Your hair unlocked by my hands, whisked back by my reflexive fingers
reveals the unknown in the unknown. I disassemble
your chrome and beige dress and unlock the sweat beads.
We could have been talking about the pestilence
or war or patience or the dire dearth of the same.
We could have been pondering over a jigsaw puzzle.
It does not matter. We are intimately unfamiliar.
Famously alone. The quagmire of cold water on the floor,
or our bodily fluids puddled around us evaporate. October.
The mellow songs are served at room temperature.


An Interview with Kushal Poddar

  1. Please describe your latest book, what about your book will intrigue the readers the most, and what is the theme, mood?

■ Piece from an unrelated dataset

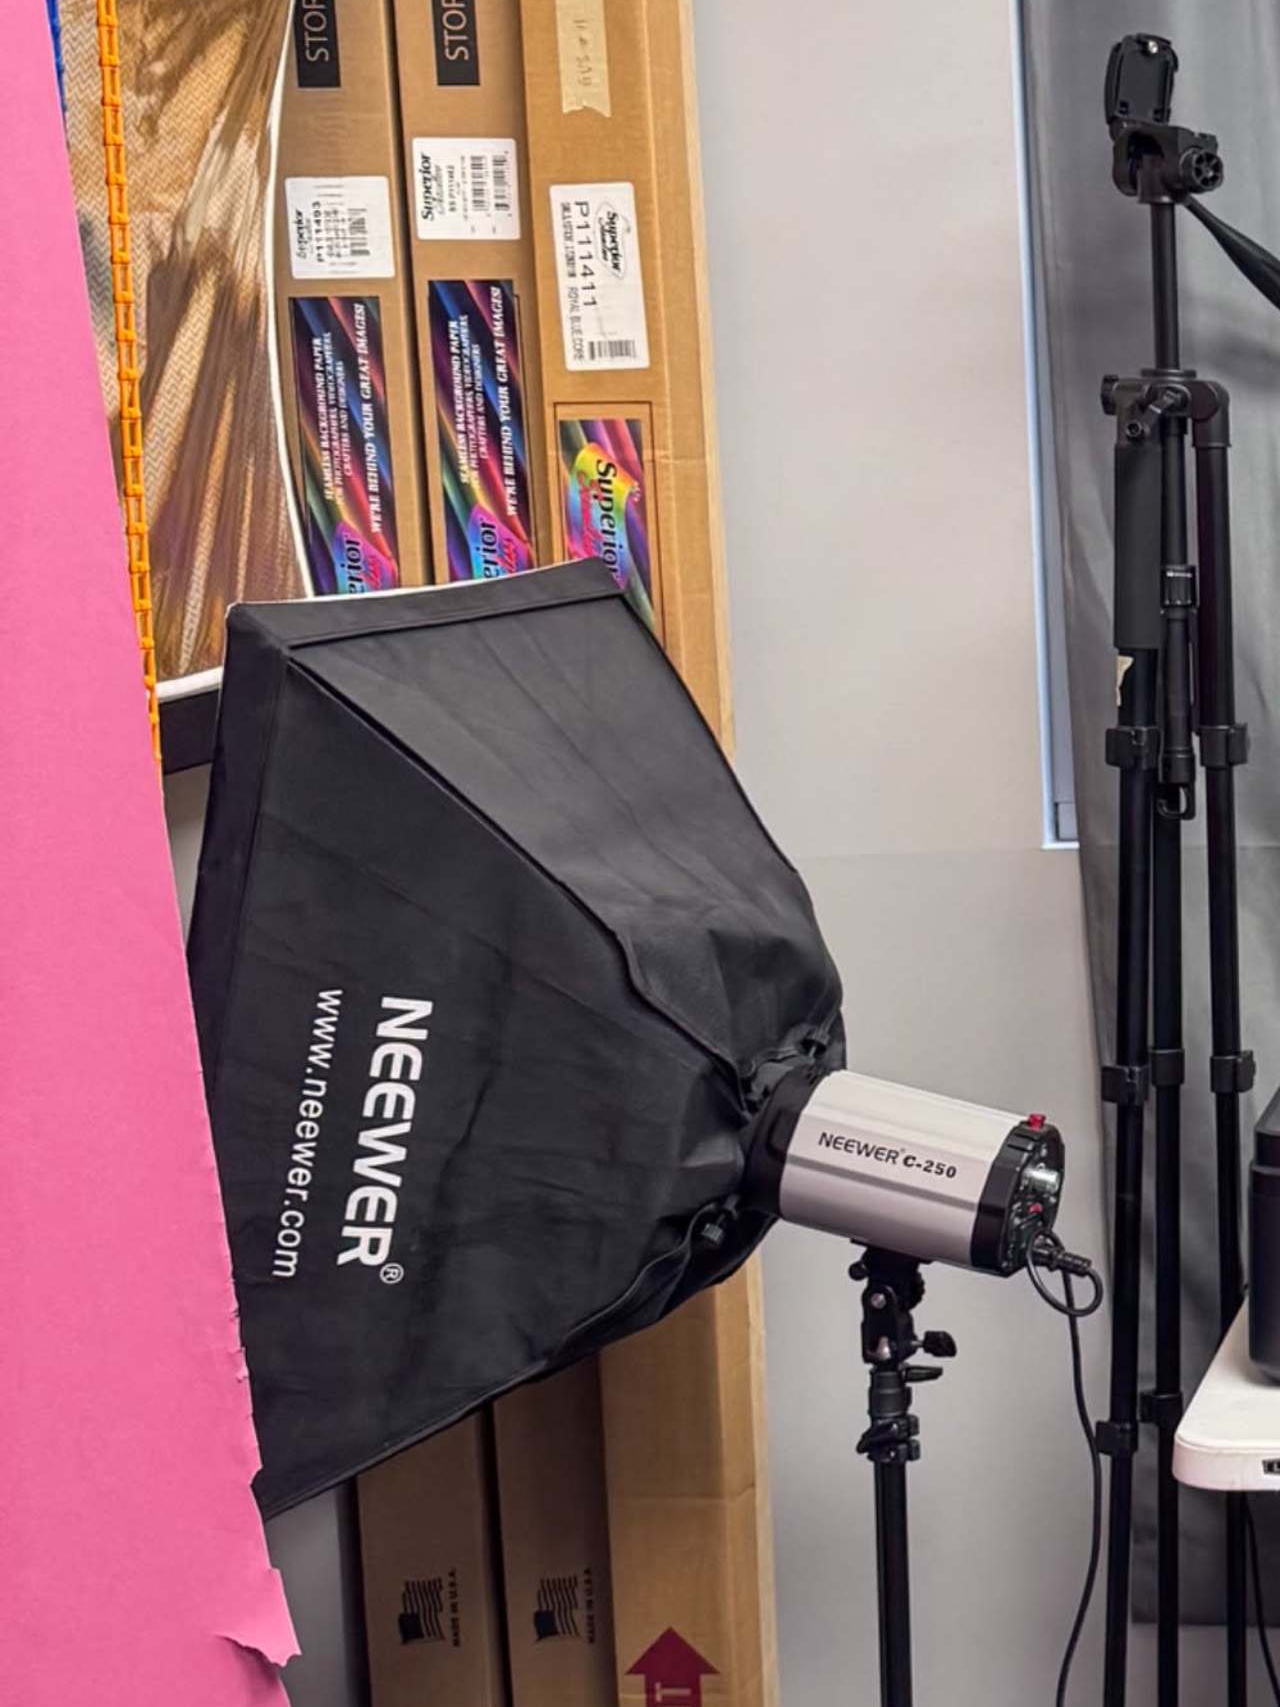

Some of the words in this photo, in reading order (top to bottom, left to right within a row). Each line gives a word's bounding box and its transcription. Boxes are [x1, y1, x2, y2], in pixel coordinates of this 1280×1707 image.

Kushal – This Christmas, my book ‘Postmarked – Quarantined’ shall be published by IceFloe Press, Canada. The highlight of the book is the plague, human reaction, my daughter’s birth, and how a person, vulnerable the way I am, may interact with the rules of the universe he must abide.

  1. What frame of mind & ideas lead to you writing your current book?

Kushal – As I said, the book encases my own vulnerability, albeit I always endeavor to scriven in a universal tongue. The idea is – write from personal experience, blend with news, and then read and rewrite the poem from a neutral perspective.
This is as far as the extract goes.